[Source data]
-- Opening Marker --

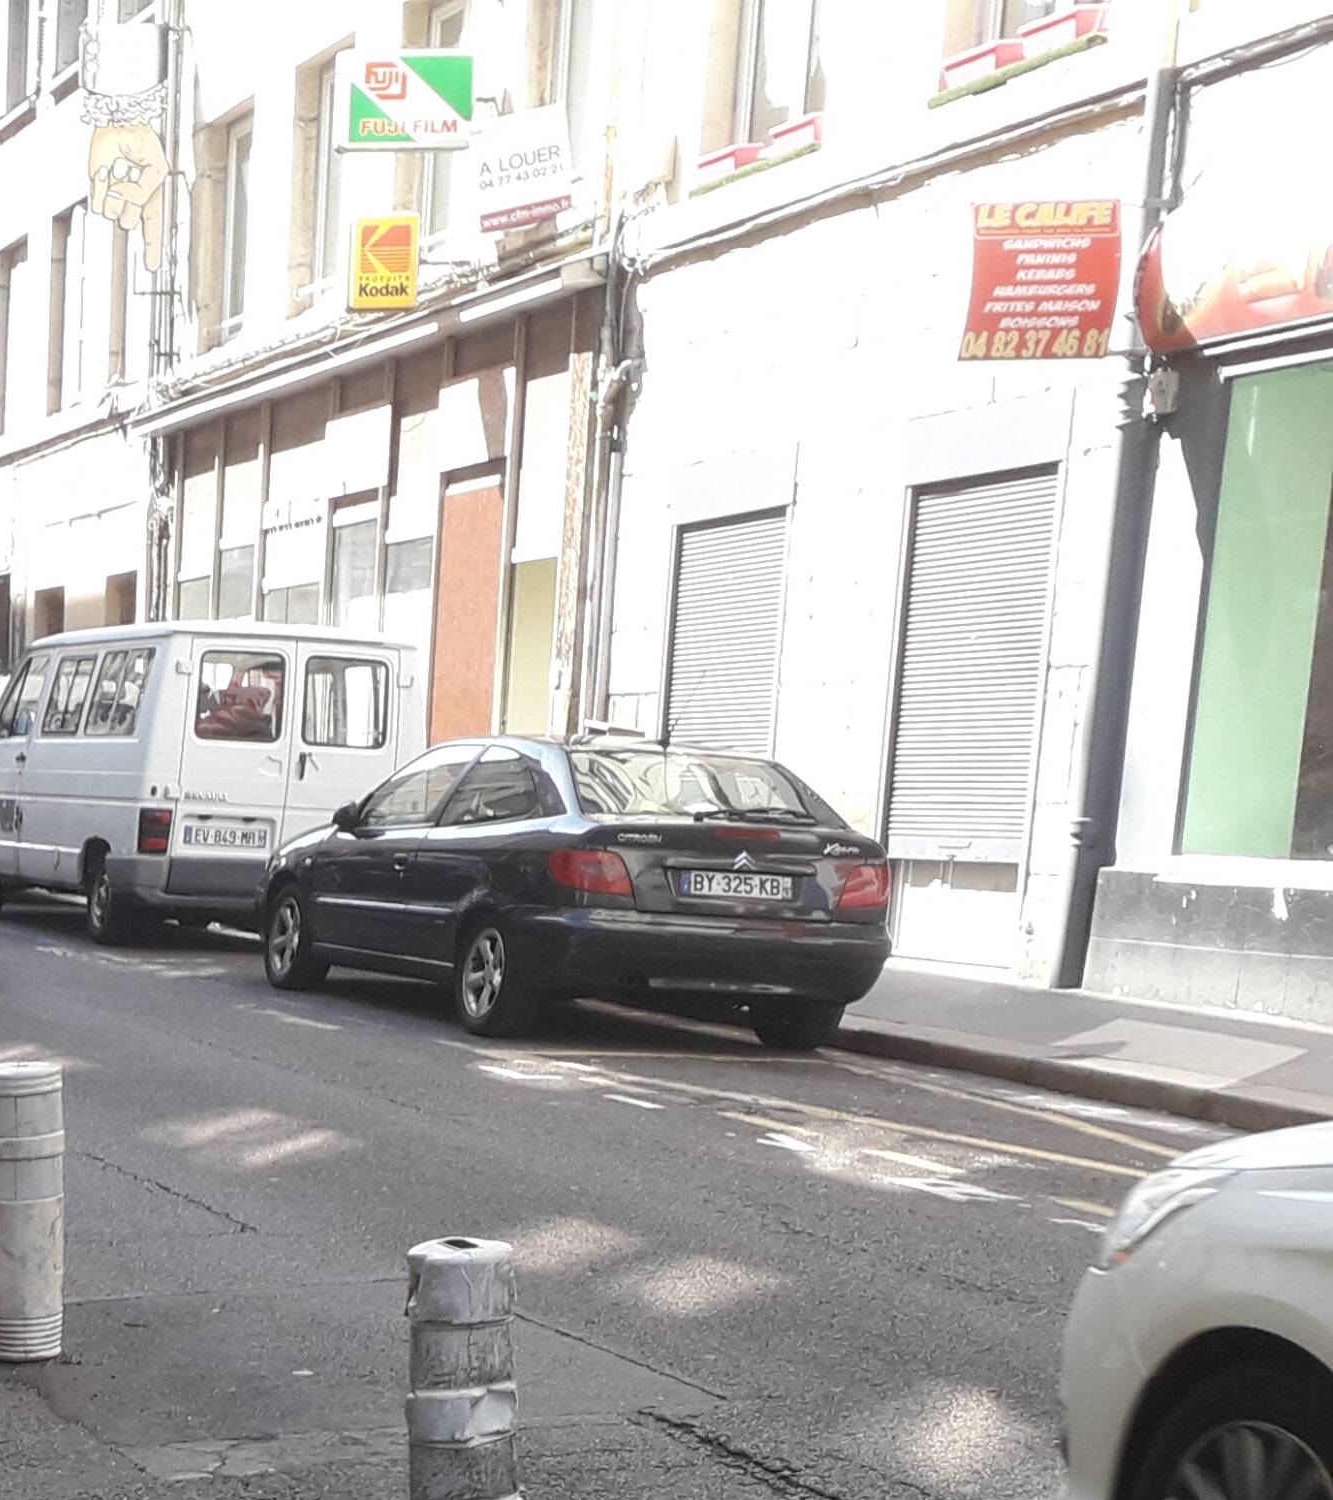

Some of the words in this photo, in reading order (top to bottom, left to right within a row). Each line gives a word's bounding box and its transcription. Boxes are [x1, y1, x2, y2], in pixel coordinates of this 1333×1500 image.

[365, 62, 407, 100] FUJI
[361, 119, 406, 135] FUJI
[413, 119, 458, 134] FILM
[480, 161, 492, 177] A
[498, 144, 561, 172] LOUER
[479, 178, 494, 190] 04
[498, 174, 511, 186] 77
[515, 171, 530, 182] 43
[977, 203, 1013, 229] LE
[1015, 201, 1114, 228] CALIFE
[1002, 237, 1092, 250] SANDWICHS
[1015, 252, 1078, 265] PANINIS
[1015, 268, 1077, 281] KEBABS
[358, 281, 410, 297] Kodak
[992, 283, 1097, 297] HAMBURGERS
[984, 301, 1035, 313] FRITES
[1036, 299, 1102, 312] MAISON
[999, 315, 1080, 329] BOISSONS
[961, 331, 988, 358] 04
[991, 330, 1020, 357] 82
[1022, 329, 1052, 357] 37
[1051, 328, 1081, 357] 46
[1083, 327, 1110, 356] 81
[692, 872, 783, 898] BY-325-KB

-- Closing Marker --

Your goal: For this exercise, transcribe the data above line by line, exactly, with pictures omitted.

Reply:
Some of the words in this photo, in reading order (top to bottom, left to right within a row). Each line gives a word's bounding box and its transcription. Boxes are [x1, y1, x2, y2], in pixel coordinates of this 1333×1500 image.

[365, 62, 407, 100] FUJI
[361, 119, 406, 135] FUJI
[413, 119, 458, 134] FILM
[480, 161, 492, 177] A
[498, 144, 561, 172] LOUER
[479, 178, 494, 190] 04
[498, 174, 511, 186] 77
[515, 171, 530, 182] 43
[977, 203, 1013, 229] LE
[1015, 201, 1114, 228] CALIFE
[1002, 237, 1092, 250] SANDWICHS
[1015, 252, 1078, 265] PANINIS
[1015, 268, 1077, 281] KEBABS
[358, 281, 410, 297] Kodak
[992, 283, 1097, 297] HAMBURGERS
[984, 301, 1035, 313] FRITES
[1036, 299, 1102, 312] MAISON
[999, 315, 1080, 329] BOISSONS
[961, 331, 988, 358] 04
[991, 330, 1020, 357] 82
[1022, 329, 1052, 357] 37
[1051, 328, 1081, 357] 46
[1083, 327, 1110, 356] 81
[692, 872, 783, 898] BY-325-KB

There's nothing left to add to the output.